И вот уже я листаю анатомический атлас, подаренный мне моим (не)лечащим доктором. Она умная, в отличие от меня... Она знает человека изнутри и снаружи; видела, что он собой представляет. А я всего лишь тщетно пытаюсь понять человеческую натуру. И не понимаю. Тупик.
Зачем мне это? Похоже, я болен. Будь это Средние века или Возрождение, в мою дверь давным-давно постучал бы доктор в широкополой шляпе с птичьим клювом, а потом бы сжег меня к чертям со всеми пожитками. С такими, как я, нечего возиться. Но мы живем в век, когда права есть у всех, даже безнадежных. Я болен своим врачом. Ирония.
Я говорил, что мой доктор не лечит. «Век живи – век учись», - написала она мне на первой странице атласа, приоткрыв тем самым, дверь и в свою жизнь. Она постигает, но не применяет. В ее кабинете есть микроскоп, но нет дефибриллятора. Подарок тоже ни без намека – сам собери свой анамнез. Перефразирую: век живи – век лечись. Да, док?
Я открываю его, чтобы найти хоть один ответ на миллион своих дурацких вопросов. Какая глава? Мозг или сердце? Наверное, сердце. По крайней мере, так принято считать, со времен Овидия. Хотя он не был врачом. В отличие от Луки.

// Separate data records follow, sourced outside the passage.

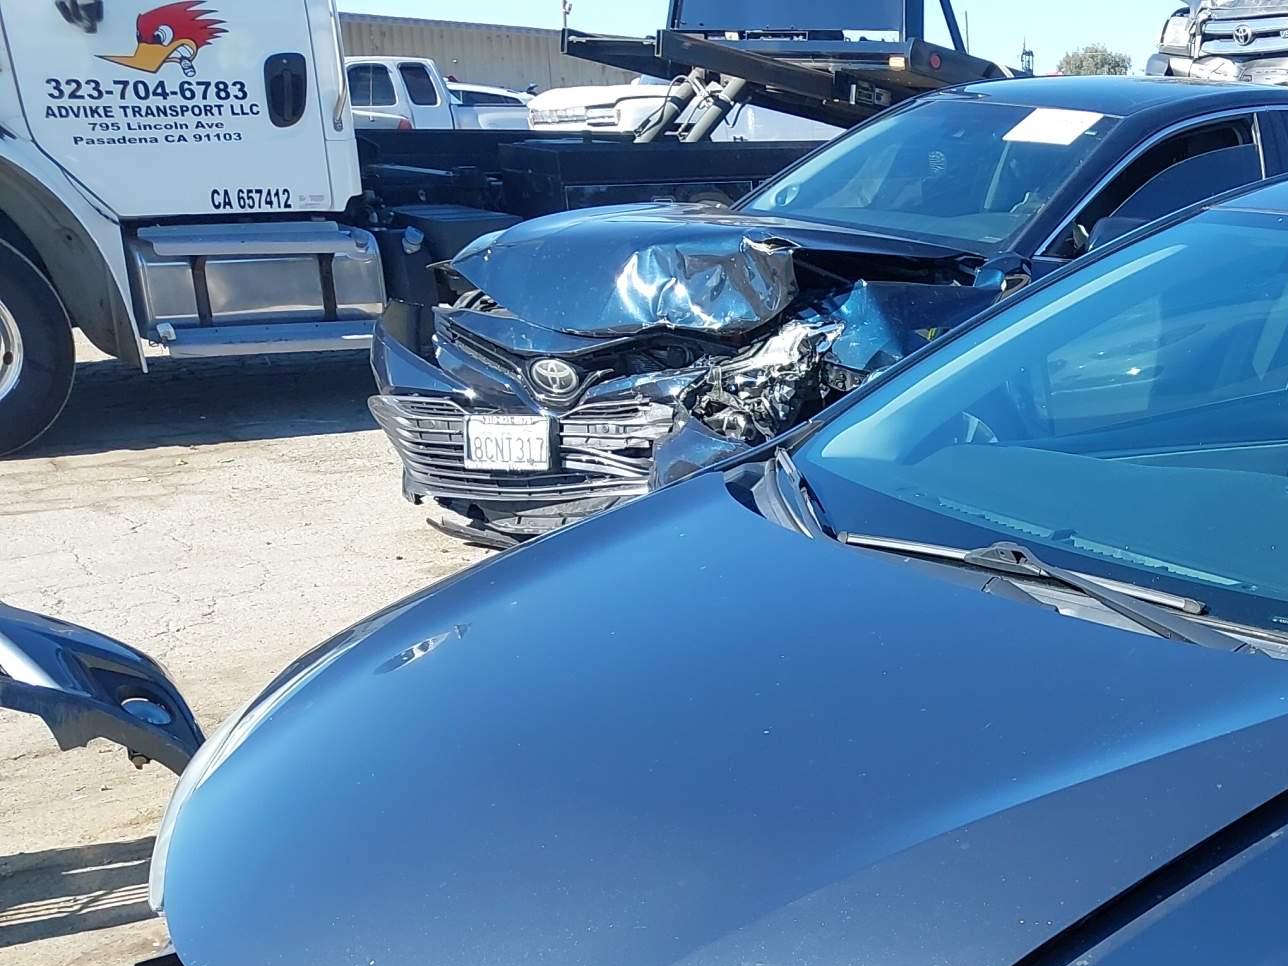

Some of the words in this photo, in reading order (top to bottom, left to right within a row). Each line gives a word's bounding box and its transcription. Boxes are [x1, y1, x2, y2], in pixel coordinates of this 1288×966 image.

[46, 79, 248, 100] 323-704-6783
[46, 105, 115, 118] ADVIKE
[119, 104, 224, 117] TRANSPORT
[230, 103, 260, 116] LLC
[88, 122, 121, 131] 795
[126, 121, 189, 131] Lincoln
[195, 120, 225, 130] Ave
[73, 135, 158, 145] Pasadena
[164, 134, 188, 143] CA
[193, 132, 242, 142] 91103
[211, 188, 234, 210] CA
[237, 188, 292, 209] 657412

Да, cor идеален – он выстреливает кровью из аорты со скоростью 25 сантиметров в секунду. Символично, но эта гемодинамика сопоставима лишь со скоростью пули, выпущенной из 1911 – 250 метров на ту же единицу времени. И эта пуля входит в сердце так же стремительно (расплескивая кровь, ошметки эндокарда, миокарда, эпикарда), как в твою жизнь входит новый человек. И все вдребезги. Стены забрызганы принципами, друзьями и привычками. Белые обои плохо отмываются – факт.

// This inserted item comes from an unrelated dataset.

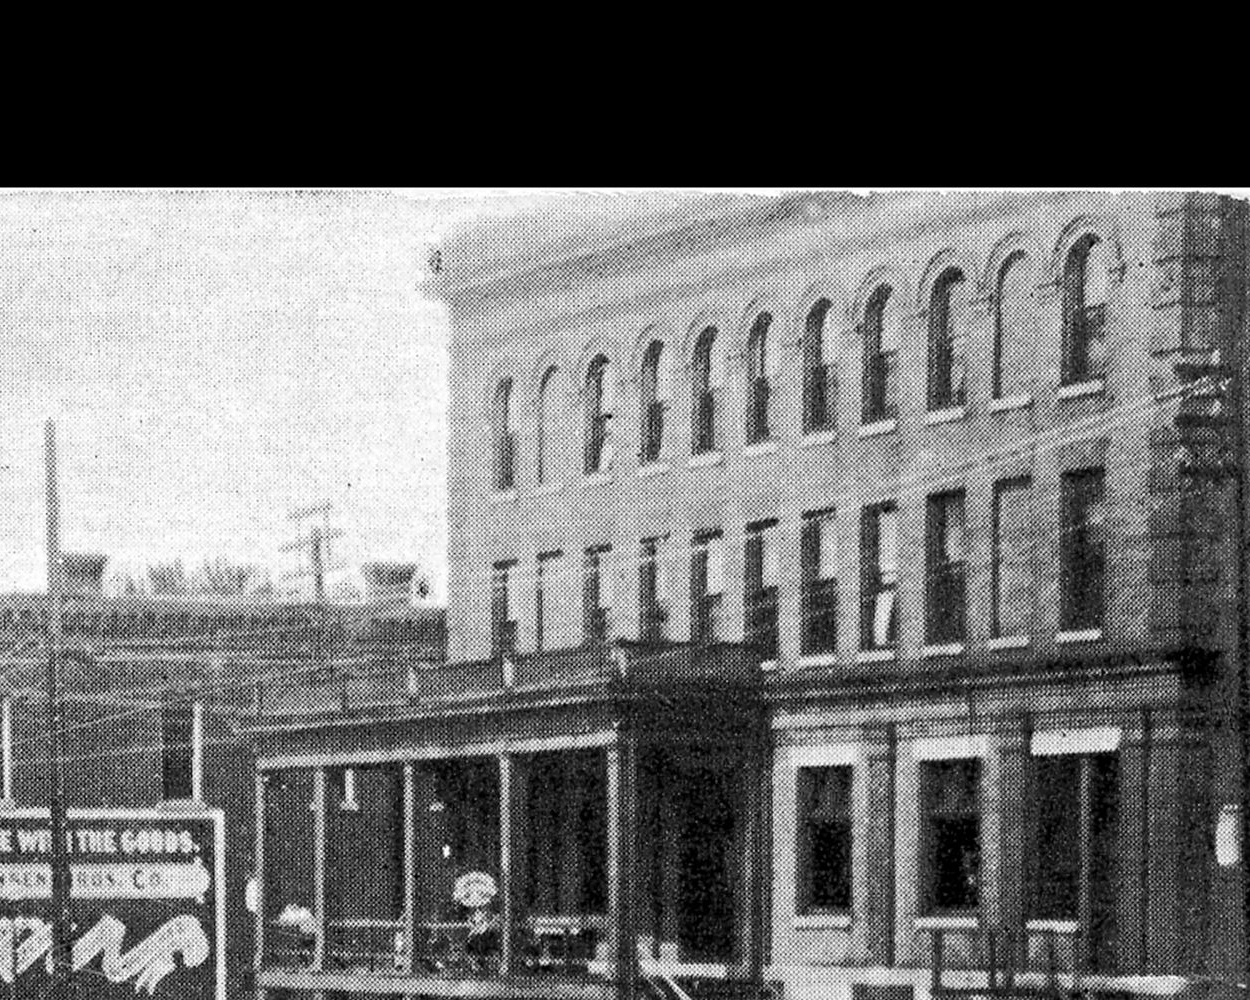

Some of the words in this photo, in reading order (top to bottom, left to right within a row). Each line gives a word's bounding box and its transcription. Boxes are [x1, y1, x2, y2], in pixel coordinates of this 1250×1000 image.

[76, 829, 117, 852] THE
[120, 829, 200, 852] GOODS.
[66, 871, 123, 887] ROS.

Мой доктор говорит, что у нее нет сердца. Не знаю, так ли это. Однажды, когда я держал ее за руку, казалось, я нащупал пульс. Но быть может это ее внутренние часы, отмеряющие мое время. Одно лишь ясно - когда мои дела пойдут совсем худо – она заберет мое сердце. Я буду лежать на операционном столе с распахнутой настежь грудной клеткой, торчащим частоколом ребер, и хлопать (словно бабочка) крыльями легких. Возможно, док даже наденет маску с клювом (как дань средневековой традиции) и белые шелковые перчатки с кружевным раструбом. Кровь на белом шелке смотрится так эротично… Знаю, что скажу ей в этот момент:
«Твои 250 метров в секунду летят мимо цели потому, что ты сжимаешь свой 1911 до судорог. Возьми его так, как будто ты поддерживаешь затылок человека со сломанным атлантом. Как держишь в своих пальцах живое сердце, чтобы оно не переставало биться. Твой спусковой крючок – это опасная бритва, которой ты бреешь мою шею у сонной артерии. Нет, это острый скальпель, которым делаешь надрез на сетчатке глаза. И глубина надреза зависит от одного твоего пальца. Всего одно нажатие под прямым углом. Нет, ни в сторону, ни влево, ни слишком глубоко. Кисть – замри! Лишь нежное и равномерное давление пальца. Нажала? И так же нежно отпусти, не отпуская. До щелчка. Я знал, что ты сможешь. Я всегда в тебя верил».
Она вырежет мое теплое сердце и будет греть им свои вечно холодные руки. А потом положит его в трехлитровую банку формалина, и поставит в холодный шкаф – рядом с такими же банками: вишневыми компотами и вареньями из алычи. Урожай 2014 года.
А ведь что-то в этом есть – дарить себя.